Les Occidentaux se justifiaient : pas d’attaque directe, avec leurs missiles, sur le territoire de la deuxième puissance nucléaire de la planète. Mais Vladimir Poutine, lui, use et abuse de la menace au recours à l’arme atomique pour mener une guerre conventionnelle. A l’abri de sa force de destruction massive, la Russie sanctuarise son territoire et, de là, bombarde « conventionnellement » ses voisins ukrainiens.
Ceux-là savent d’où partent les tirs, ils connaissent les chaînes logistiques russes déployées le long de la frontière, ils voient l’adversaire préparer ses batteries d’artillerie et ses rampes de lancement de missiles.

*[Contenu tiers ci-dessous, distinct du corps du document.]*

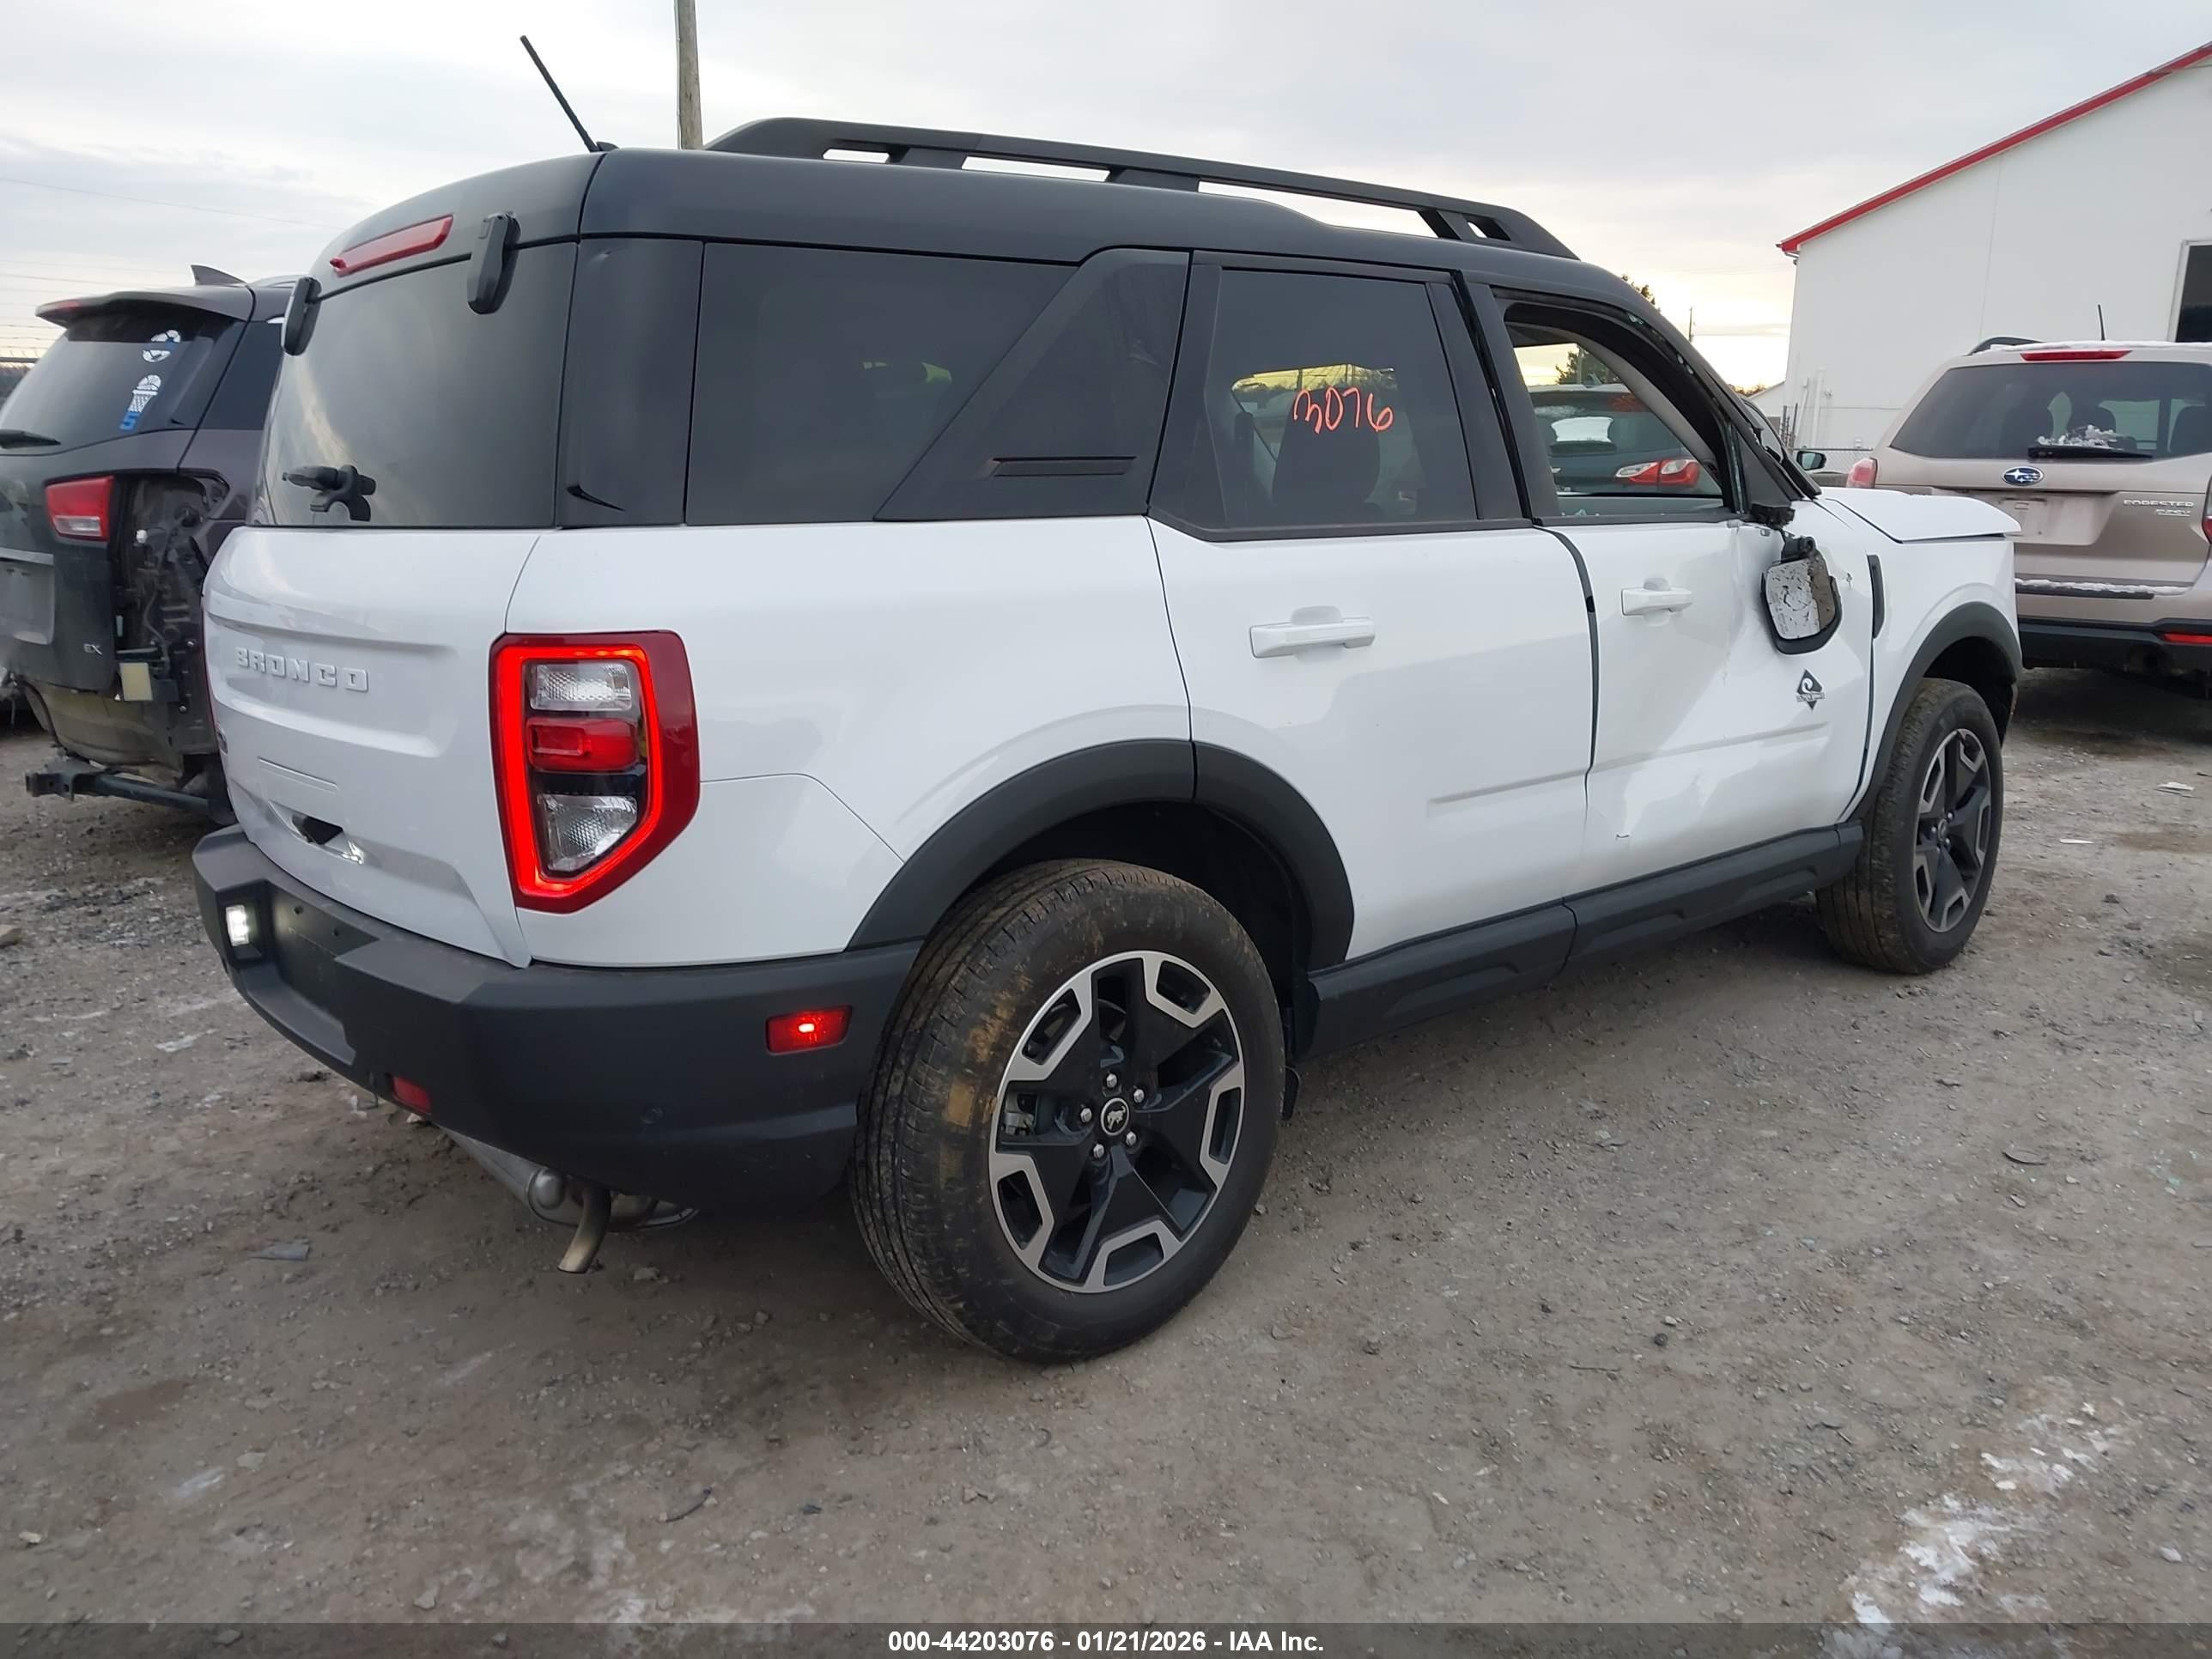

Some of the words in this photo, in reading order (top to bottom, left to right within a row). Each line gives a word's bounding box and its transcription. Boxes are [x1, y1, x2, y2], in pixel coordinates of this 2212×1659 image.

[1293, 386, 1394, 434] 3076
[83, 643, 103, 655] EX
[234, 647, 368, 692] BRONCO
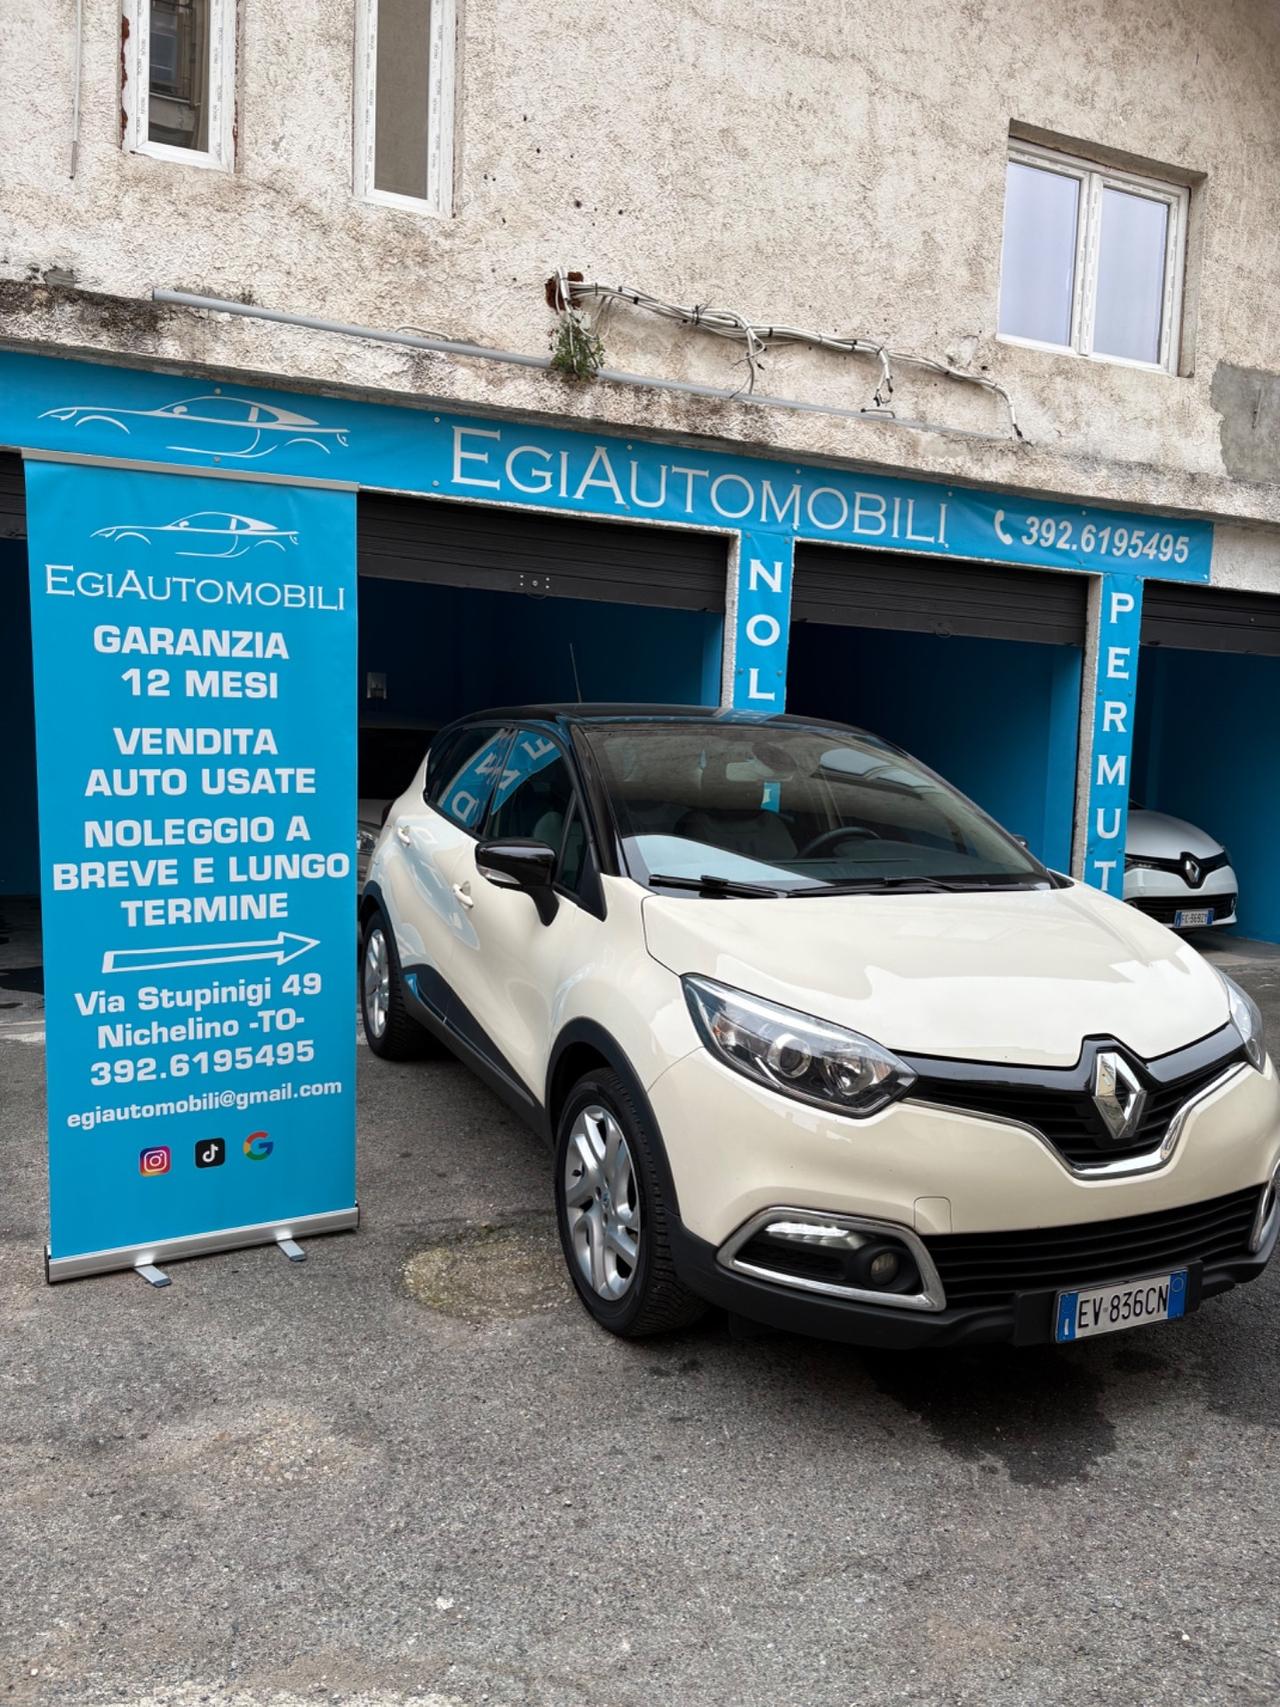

Les Etats-Unis très réticents
Mais leurs moyens de réplique étaient limités. Kiev se heurtait à l’interdiction d’employer les armes occidentales contre le territoire russe. Jusqu’à ce printemps où l’assaut renouvelé sur Kharkiv a montré la quasi-impossibilité de tenir une posture de prudence face à l’escalade décidée par Poutine.
Européens puis Américains ont levé leur veto à l’emploi des armes occidentales. Elles peuvent être utilisées pour des ripostes juste de l’autre côté de la frontière – pas en profondeur – et contre des cibles militaires. Avec toutes les possibilités d’erreur de tir…
Les Etats-Unis ont été les plus réticents. Comme si Joe Biden s’estimait lié par une sorte de code de bonne conduite entre grandes puissances nucléaires : près de 6 000 ogives côté russe ; autour de 5 300 côté américain. Depuis le début de la guerre en février 2022, l’aide américaine à Kiev a été précautionneusement dispensée. Elle a été calibrée au plus juste dans l’illusion entretenue, mais toujours démentie, d’une possible négociation avec Poutine sur un retrait des forces russes d’Ukraine.